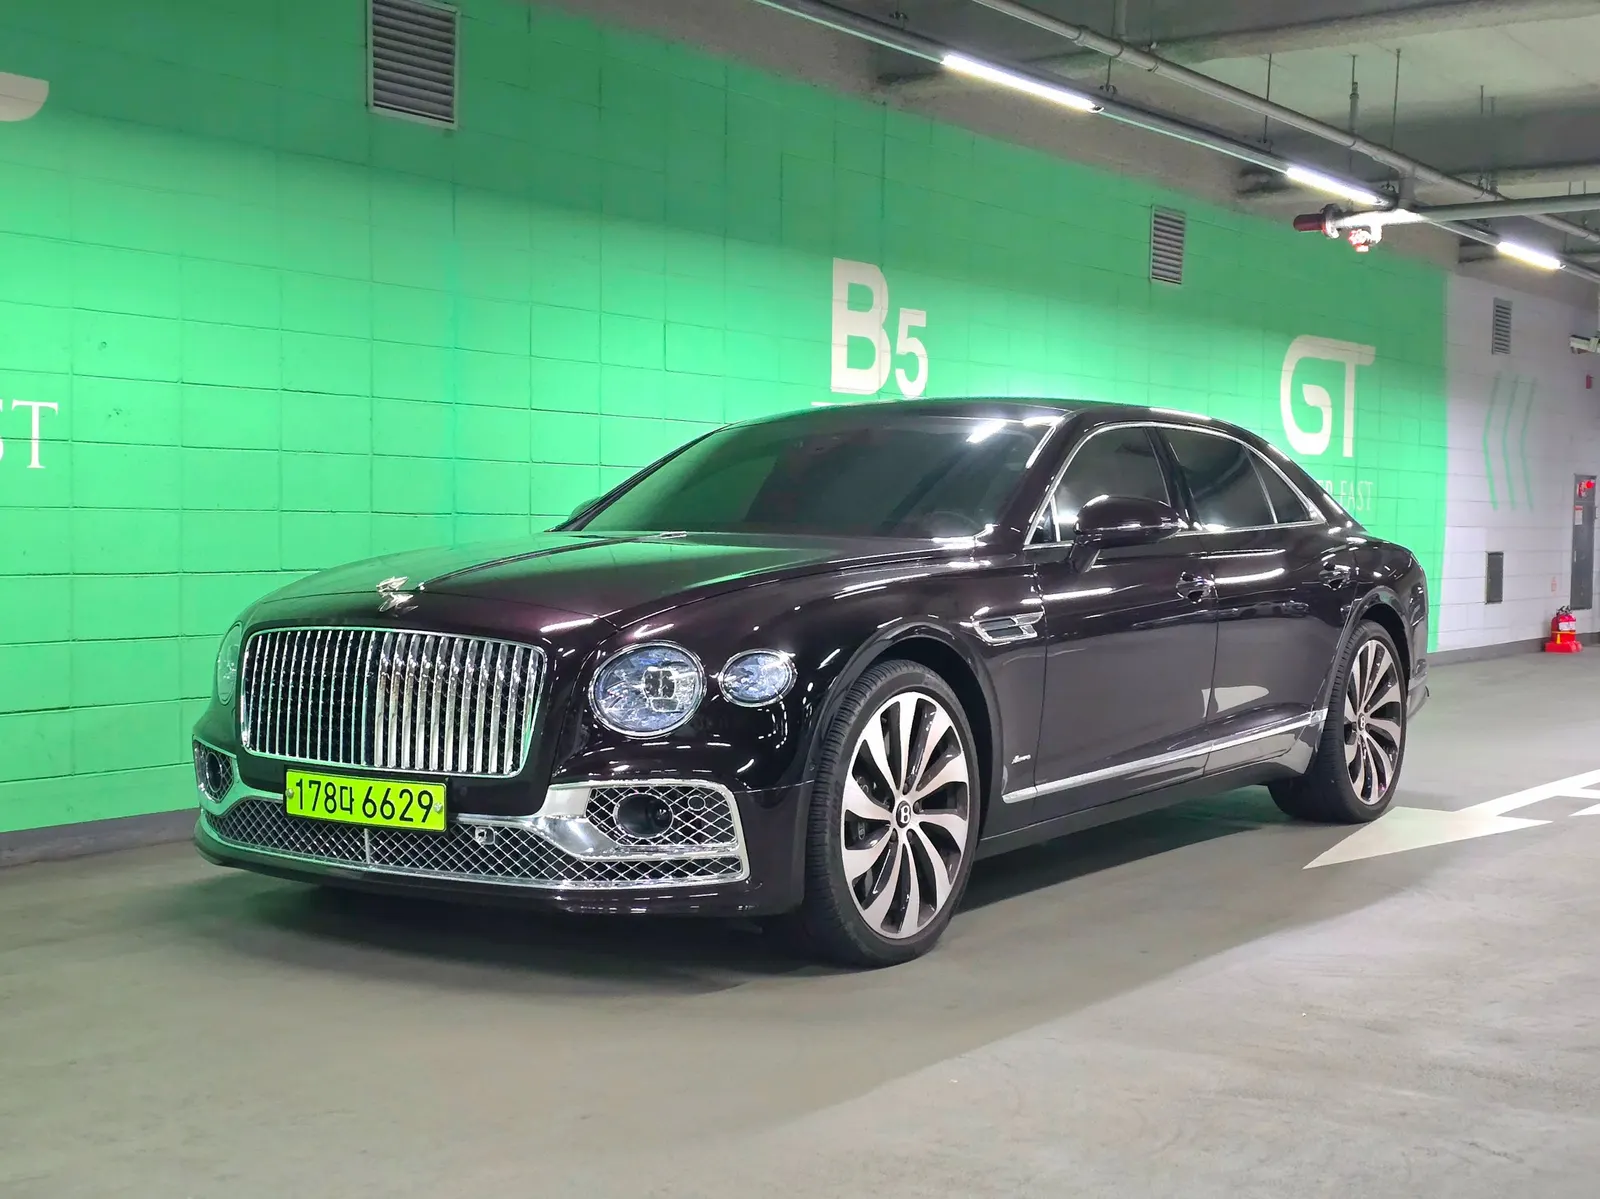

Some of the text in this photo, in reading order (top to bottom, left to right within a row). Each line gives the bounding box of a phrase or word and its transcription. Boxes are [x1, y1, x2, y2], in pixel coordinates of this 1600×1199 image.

[831, 257, 928, 398] B5
[1280, 334, 1376, 457] GT
[1340, 480, 1374, 511] FAST
[296, 778, 434, 823] 178다 6629
[900, 805, 911, 824] B

INSTRUCTIONS FOR THE TASK: Output the listing above exactly as it stands; no picture should appear.

SOLUTION TO THE PROBLEM:
Some of the text in this photo, in reading order (top to bottom, left to right within a row). Each line gives the bounding box of a phrase or word and its transcription. Boxes are [x1, y1, x2, y2], in pixel coordinates of this 1600×1199 image.

[831, 257, 928, 398] B5
[1280, 334, 1376, 457] GT
[1340, 480, 1374, 511] FAST
[296, 778, 434, 823] 178다 6629
[900, 805, 911, 824] B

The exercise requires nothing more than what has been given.